It’s hard not to have heard of Nike recently — it’s one of the most popular athletic brands and has garnered national controversy since it introduced an ad campaign featuring former 49ers quarterback Colin Kaepernick.
“Believe in something,” the text of one of the ads reads over a black-and-white photo of a solemn-faced Kaepernick. “Even if it means sacrificing everything.”
But despite the ad’s evocative words, it remains unclear as to what exactly Nike believes in. On a surface level, it seems that the company supports Kaepernick’s activism and is trying to make a statement about the human rights issues and racial injustice that plague America today. When taking a closer look at Nike as a company, it’s easy to determine that this is not the case.
In response to pressure from activists, in 2005 Nike published a 108-page report of its abuses, including using sweatshop labor in countries like Indonesia, Cambodia, Pakistan and Turkey, and paying its factory workers as little as $0.14 a day. Working conditions were also proven dismal when the company admitted that 25-50 percent of its factories restricted bathroom and drinking water access to their workers. Nike also admitted to using child labor in these production factories.
This blatant exploitation of labor in countries where people live in desperate poverty does not only show a disregard for human rights, it also proves that Nike’s only concern is making money. It wasn’t until 1998 that declining sales and protests by the public caused Nike to reconsider its problematic production methods.
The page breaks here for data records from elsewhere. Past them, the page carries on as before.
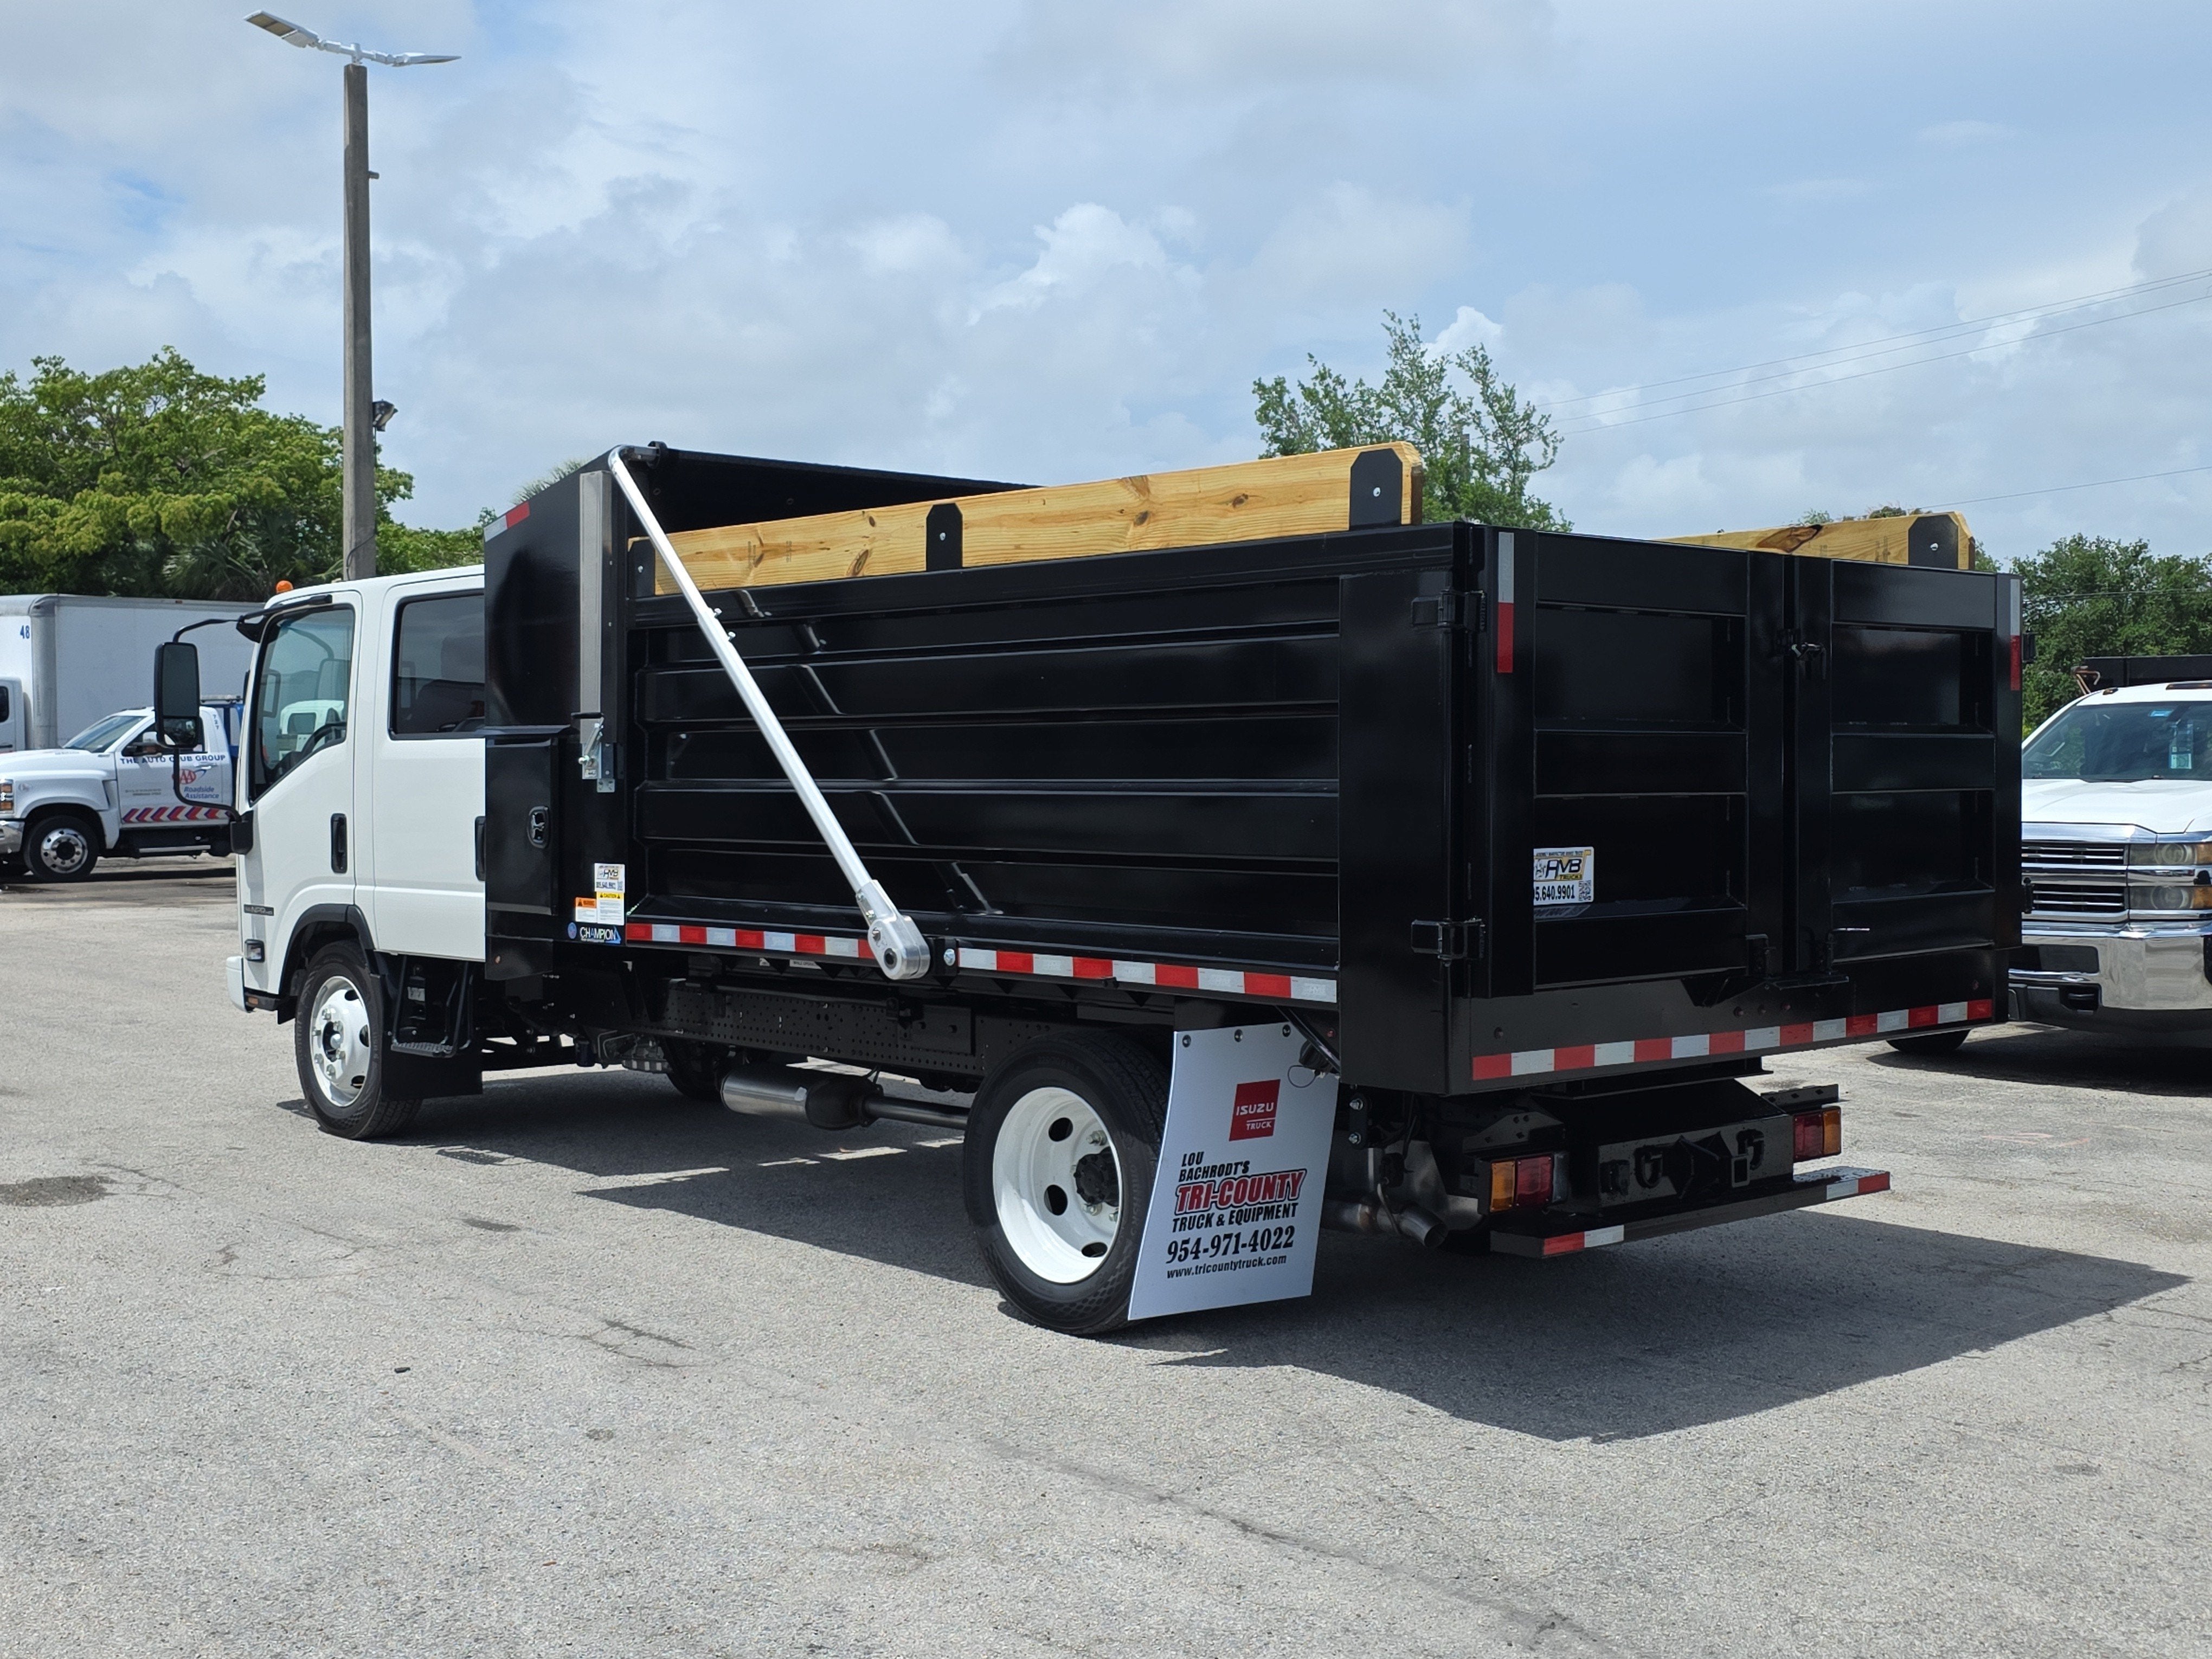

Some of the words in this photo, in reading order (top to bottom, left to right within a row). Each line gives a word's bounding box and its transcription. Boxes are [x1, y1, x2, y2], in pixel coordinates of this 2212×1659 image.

[20, 625, 30, 639] 48
[169, 754, 192, 763] CUB
[1534, 884, 1575, 901] 5.640.9901
[580, 927, 616, 941] CHAMPION
[1236, 1102, 1274, 1116] ISUZU
[1246, 1121, 1272, 1130] TRUCK
[1181, 1151, 1204, 1167] LOU
[1179, 1160, 1250, 1182] BACHRODT'S
[1175, 1169, 1307, 1215] TRI-COUNTY
[1172, 1212, 1215, 1233] TRUCK
[1216, 1214, 1225, 1226] &
[1228, 1203, 1299, 1226] EQUIPMENT
[1166, 1225, 1295, 1264] 954-971-4022
[1167, 1255, 1287, 1279] www.tricountytruck.com
In an effort to be more transparent, Nike released factory reports in the early 2000s and made efforts to reverse its other human rights abuses. It agreed to background checks on its workers to make sure they were all of age and promised to release any children it found working at its factories — Nike also promised to provide its employees an education. Further research has not shown that Nike hasn’t followed through on these promises, and that it hasn’t made any significant progress.
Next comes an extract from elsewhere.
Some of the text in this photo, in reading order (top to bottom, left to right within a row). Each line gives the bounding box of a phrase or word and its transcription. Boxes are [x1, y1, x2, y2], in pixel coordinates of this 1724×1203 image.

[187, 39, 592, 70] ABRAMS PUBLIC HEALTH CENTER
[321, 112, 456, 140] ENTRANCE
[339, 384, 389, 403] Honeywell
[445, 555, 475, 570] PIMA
Despite Nike’s supposed best efforts, critics today are still concerned with the degree to which the company has addressed its unethical practices. Issues with child labor have continued in countries it’s worked in, and while Nike claims it’s done some work to raise its pitiful wages, detractors claim laborers making the shoes still receive only a tiny percent of the cost to make them. The same goes for the costs of other merchandise the company produces.
If Nike wants to make a difference with human rights, it should start with their own company. A brand as big as Nike could have a huge impact on ethical industry if it followed the footsteps of smaller wholesale brands, such as Fibre Athletics or Alternative Apparel. Because of how popular Nike is, other brands might start to follow suit.
And since Nike has decided it wants to utilize labor in the Global South, an area rife with human rights abuses, perhaps it ought to address other problems its workers there face in the workplace. While the company doesn’t have control over a foreign country’s local government, it does have authority over the way its own workers there are treated. This kind of a change would require much more than a photograph with some words printed across it. It would require more than raising working standards from horrible to the bare minimum. Nike would have to completely turn itself around and start putting its employees first — by changing its practices to value human rights.
Kaepernick sent an important and groundbreaking message to the American people when he knelt during the National Anthem to protest police brutality. The only message that Nike is sending is that it’s good at noticing trends, that it knows what will make people want to purchase their merchandise and that it’s willing to capitalize on someone else’s humanitarian ideas while ignoring its own inhumane system.
Social activism is not to be confused with a marketing campaign, and this company doesn’t have the authority to stand behind Kaepernick when it hasn’t even stood behind its own workers.
It’s up to the consumer to be conscious and aware of what the brands they support are doing. It’s up to you to decide whether or not you want to let a brand speak for you, to decide if they’ve earned that right. Going out and buying Nike merchandise does not equate belief in human rights because Nike doesn’t represent human rights. Your money is going to a company that has proved to disregard them when it counted. Because of this, supporting the brand does not necessarily mean you’re supporting the cause, or Colin Kaepernick.
I’m in support of an international brand like Nike using its popularity to further the cause of human rights. Nike has the ability to make a real difference — it needs to just do it, even if it means sacrificing some profits.